Hawaiian Airlines matched analysts’ adjusted earnings estimates but saw its net income fall 71.9 percent in the fourth quarter after accounting for $95.1 million in special items.
The parent company of the state’s largest carrier reported today that net income declined to $10.6 million, or 20 cents a share, from $37.9 million, or 66 cents a share, in the year-earlier period. Analysts’ adjusted earnings estimate, which didn’t include the special items, was $1.28 a share.
Revenue rose 10.2 percent to $633 million from $574.2 million.

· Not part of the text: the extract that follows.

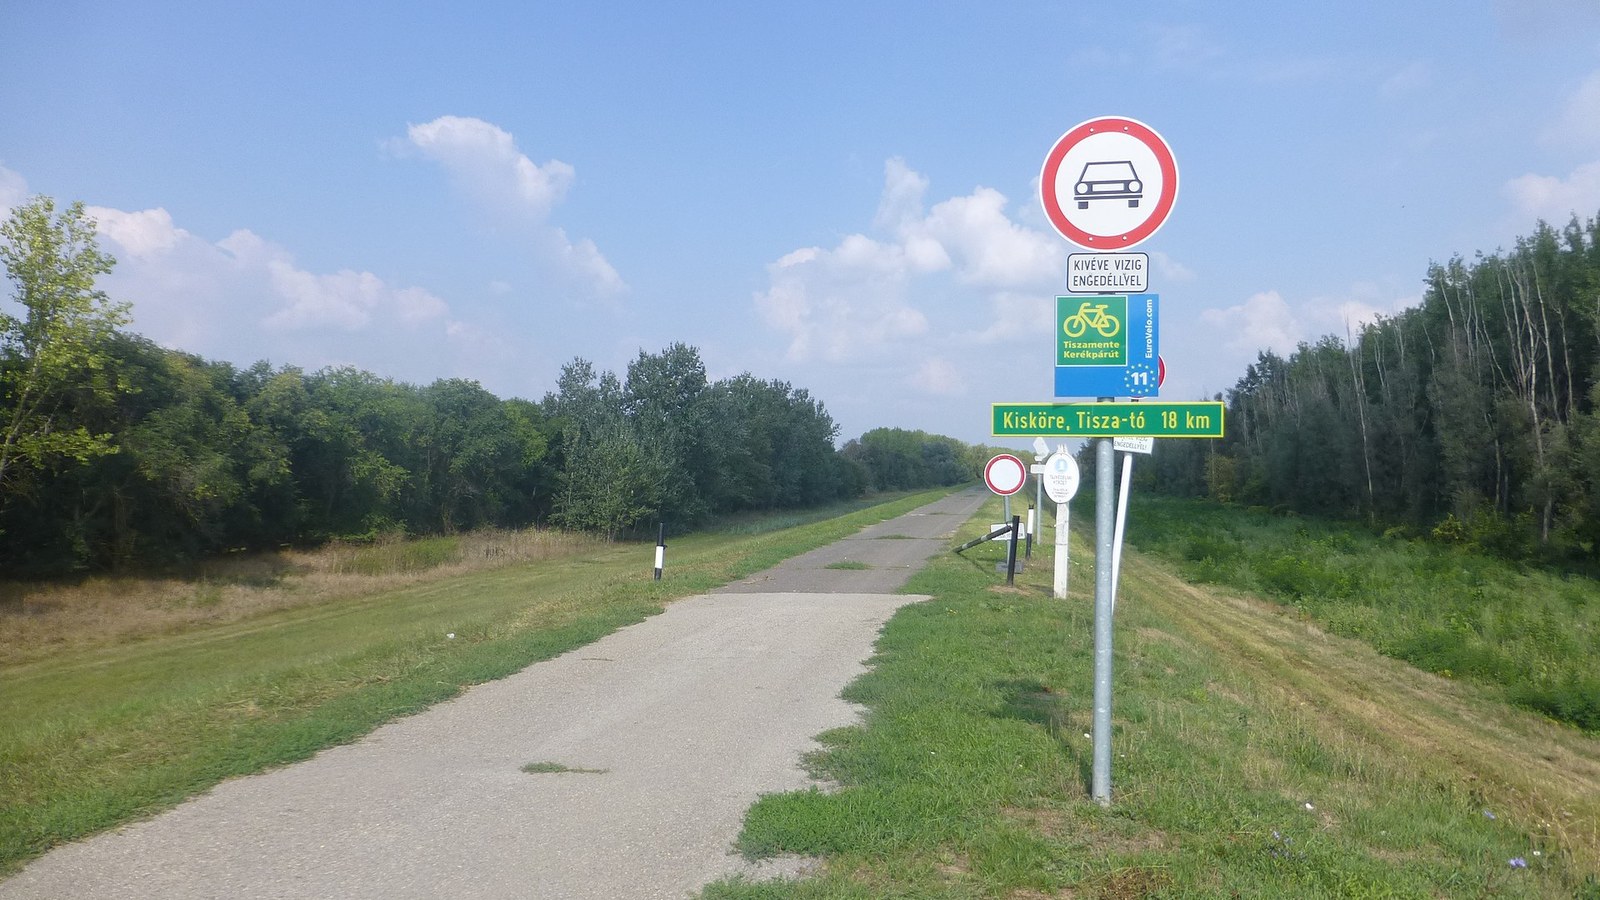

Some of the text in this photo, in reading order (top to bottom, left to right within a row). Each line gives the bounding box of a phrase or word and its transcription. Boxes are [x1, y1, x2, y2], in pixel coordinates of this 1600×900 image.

Hawaiian Holdings Inc.’s special items included a $70 million charge related to the airline’s accretive long-term fleet strategy to dispose of its Boeing 767s early and replace them with A321neos, $20 million related to ongoing labor contract negotiations with its pilots and a $5 million profit-sharing payment to employees for their service in prior years. The $70 million charge included a $49 million non-cash impairment charge on the Boeing 767 aircraft it owns and a $21 million charge to terminate early an agreement with a maintenance vendor.
For the year, net income rose 33.7 percent to $244.1 million from $182.6 million. Revenue increased 5.7 percent to $2.45 billion from $2.32 billion as Hawaiian carried a record 11.1 million passengers during 2016.